Bangladeshi academic and researcher

Mahbubul Alam Majumdar (also known as Mahbub Majumdar) is a Bangladeshi academic and researcher who is the Dean of the School of Data and Sciences at BRAC University and the national coach of the Bangladesh Mathematical Olympiad team. In 2026, he received the Spirit of Abdus Salam Award (Spirit of Salam) from the International Centre for Theoretical Physics for efforts to strengthen Bangladesh's scientific and educational foundations. In the same year, he was awarded the Ekushey Padak in the education category by the Government of Bangladesh.

== Early life and education ==
Majumdar was born in 1971 in Dhaka to Badiul Alam Majumdar, a Bangladeshi economist and civil society activist, and Tazima Hossain Majumdar. He grew up in the United States. He completed high school in Washington and attended the Massachusetts Institute of Technology, where he earned a Bachelor of Science (SB) degree in electrical engineering and theoretical physics. He subsequently obtained a Master of Science degree in mechanical engineering from Stanford University and moved to the United Kingdom to pursue doctoral studies in mathematical physics at the University of Cambridge.

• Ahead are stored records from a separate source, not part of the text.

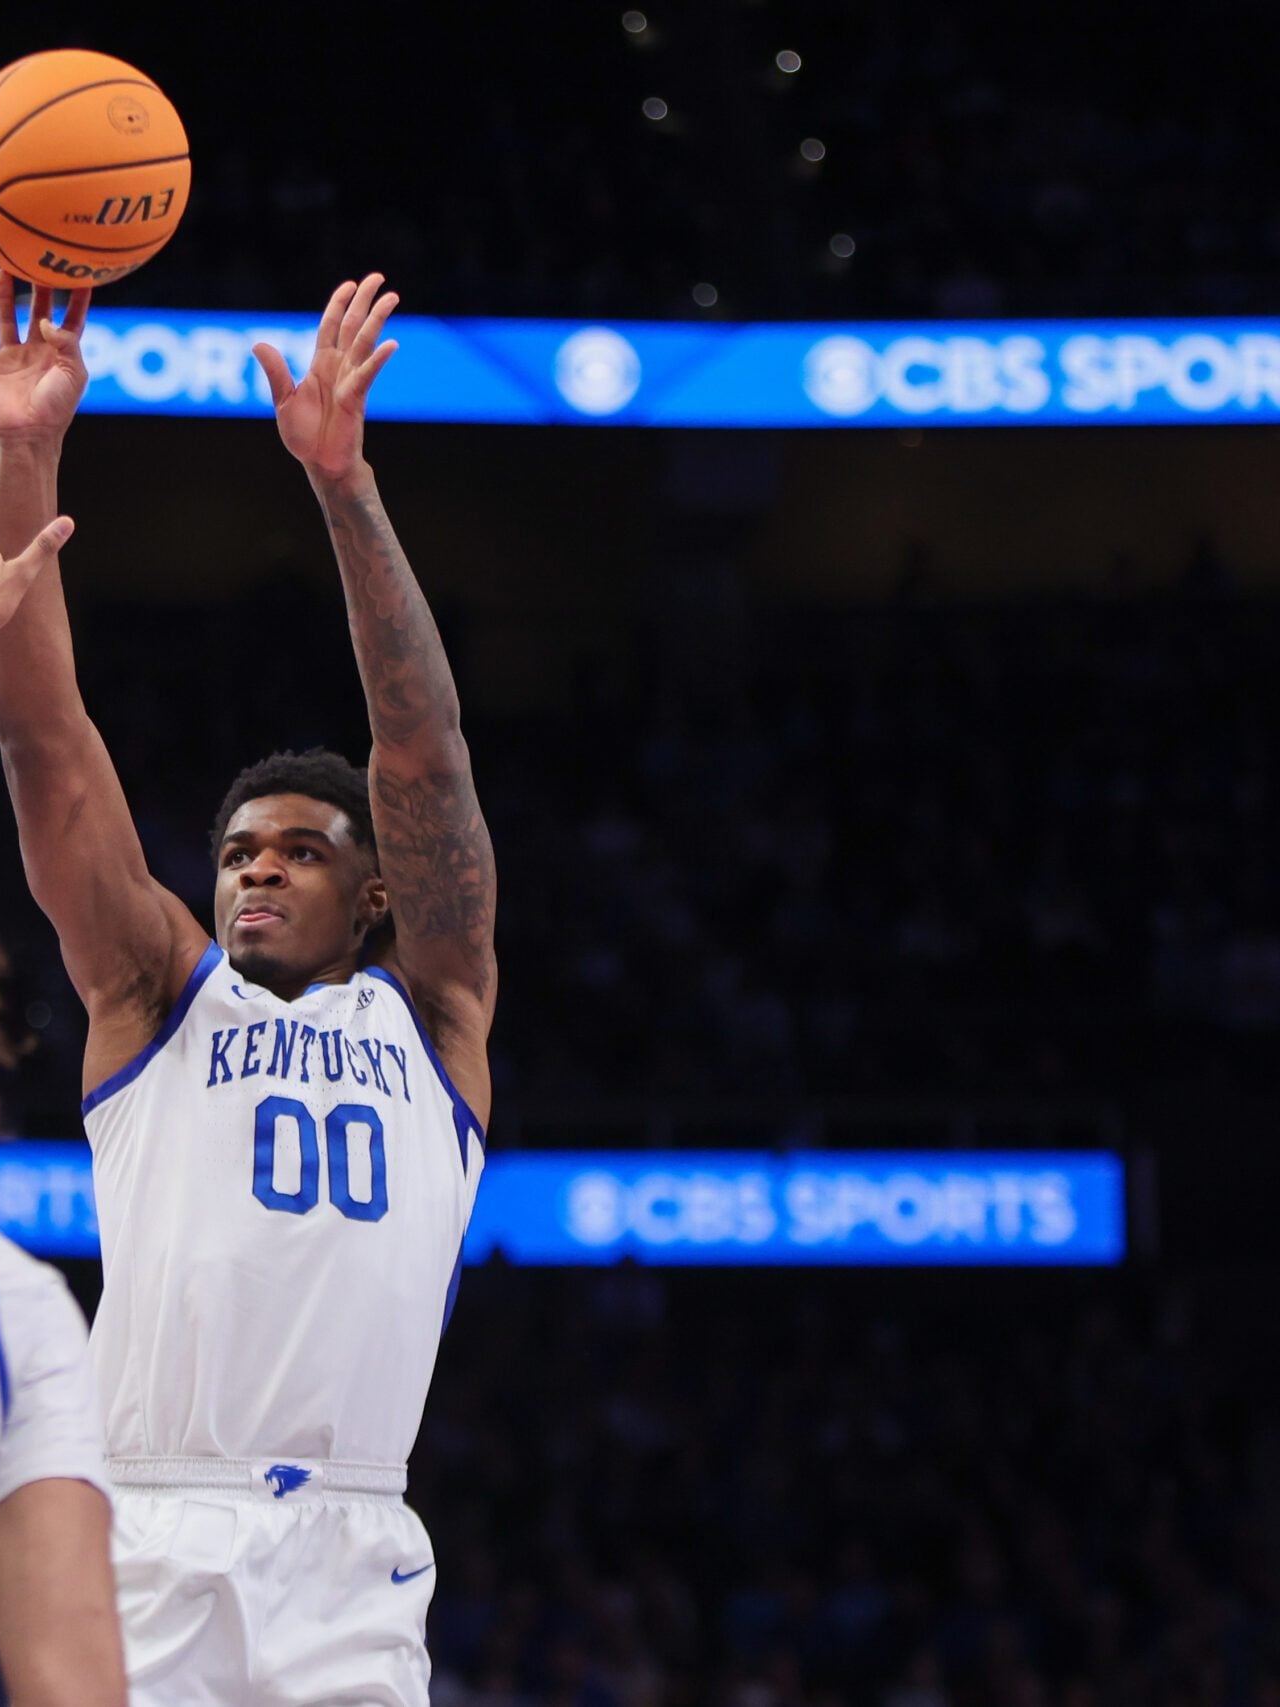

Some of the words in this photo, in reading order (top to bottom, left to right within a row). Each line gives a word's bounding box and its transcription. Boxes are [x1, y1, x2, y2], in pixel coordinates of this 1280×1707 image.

[881, 334, 1051, 414] CBS
[206, 1018, 411, 1104] KENTUCKY
[252, 1095, 389, 1222] 00
[631, 1169, 777, 1246] CBS
[784, 1169, 1078, 1246] SPORTS
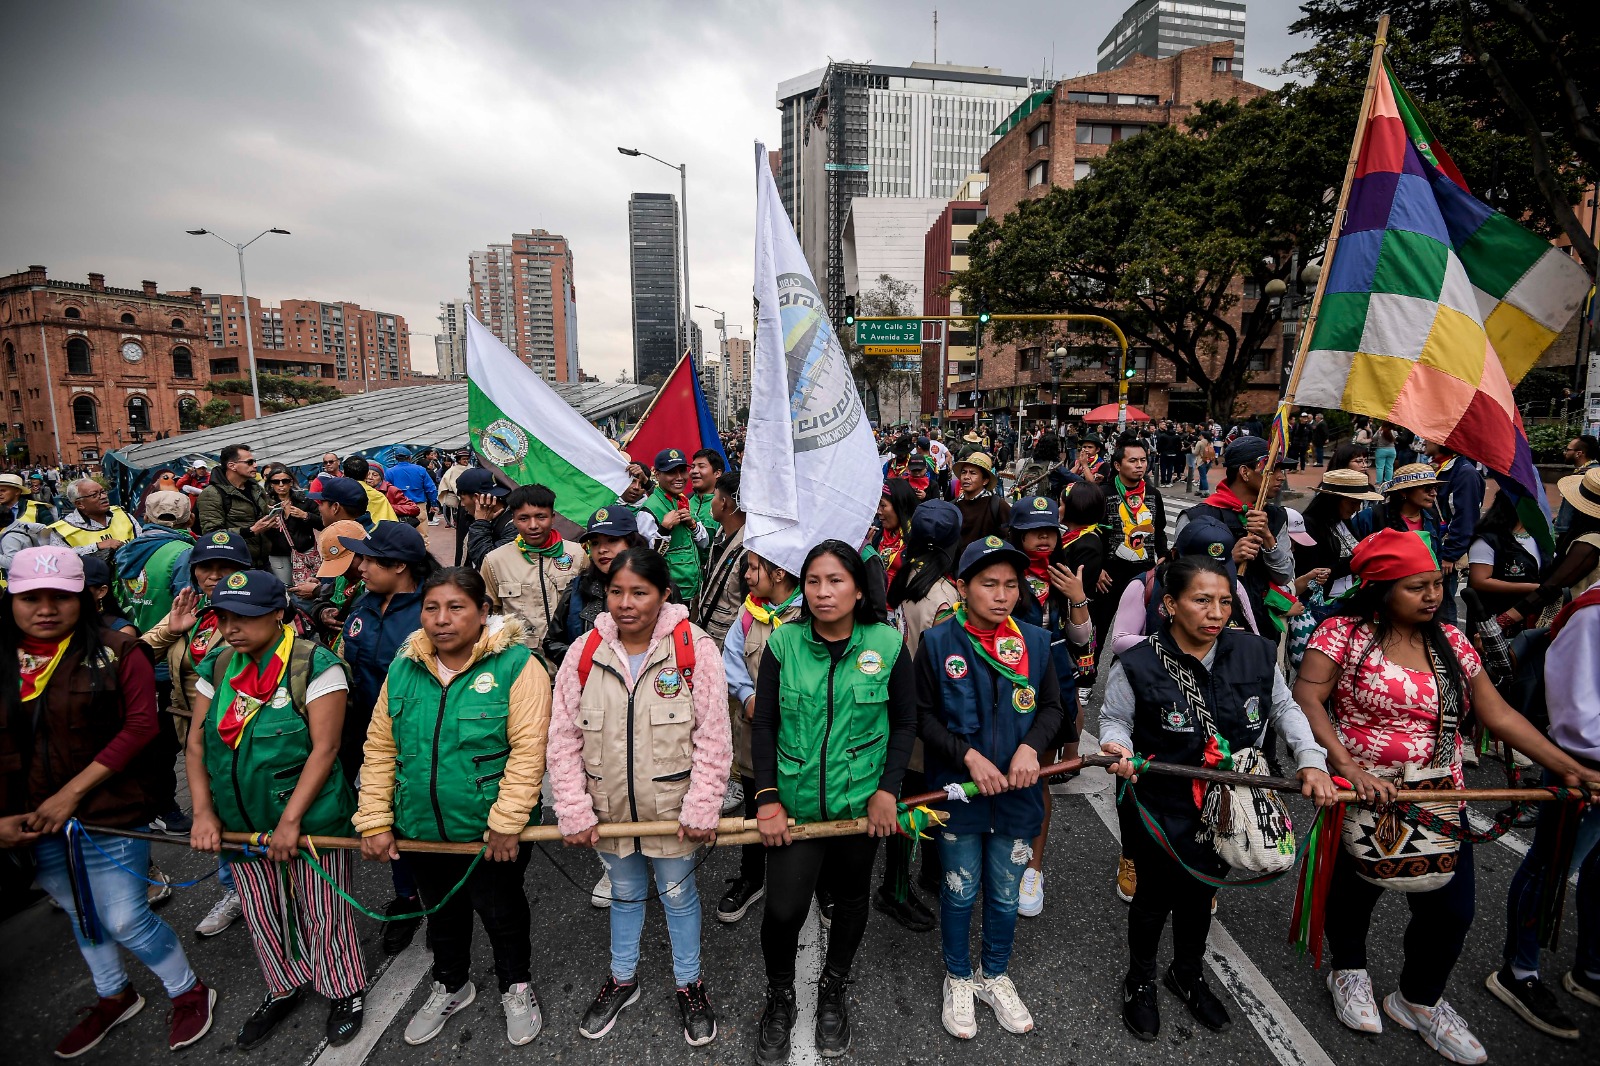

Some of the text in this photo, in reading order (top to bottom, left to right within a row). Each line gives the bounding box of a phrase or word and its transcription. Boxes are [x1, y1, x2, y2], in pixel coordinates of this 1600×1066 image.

[870, 322, 918, 330] Av Calle 53
[870, 333, 915, 341] Avenida 32
[34, 553, 59, 574] NY

His doctoral supervisor was Anne-Christine Davis. After completing his PhD, Majumdar held a postdoctoral position at Imperial College London.

==Career==
Majumdar returned to Bangladesh in 2005 and joined North South University. In 2014, he joined BRAC University and later became Chairperson of the Department of Computer Science and Engineering. He currently serves as Dean of the School of Data and Sciences. During this period, he also developed an active student community and offered courses in theoretical physics beyond the regular curriculum.

During the COVID-19 pandemic, BRAC University launched buX, an asynchronous online learning platform, under his supervision. In 2025, Majumdar organized the Jamal Nazrul Islam Memorial Winter School in Mathematical and Theoretical Physics in collaboration with the ICTP's Physics Without Frontiers program, bringing leading global physicists—including Ashoke Sen, Fernando Quevedo, and Suvrat Raju—to Bangladesh to train and mentor local students and young researchers.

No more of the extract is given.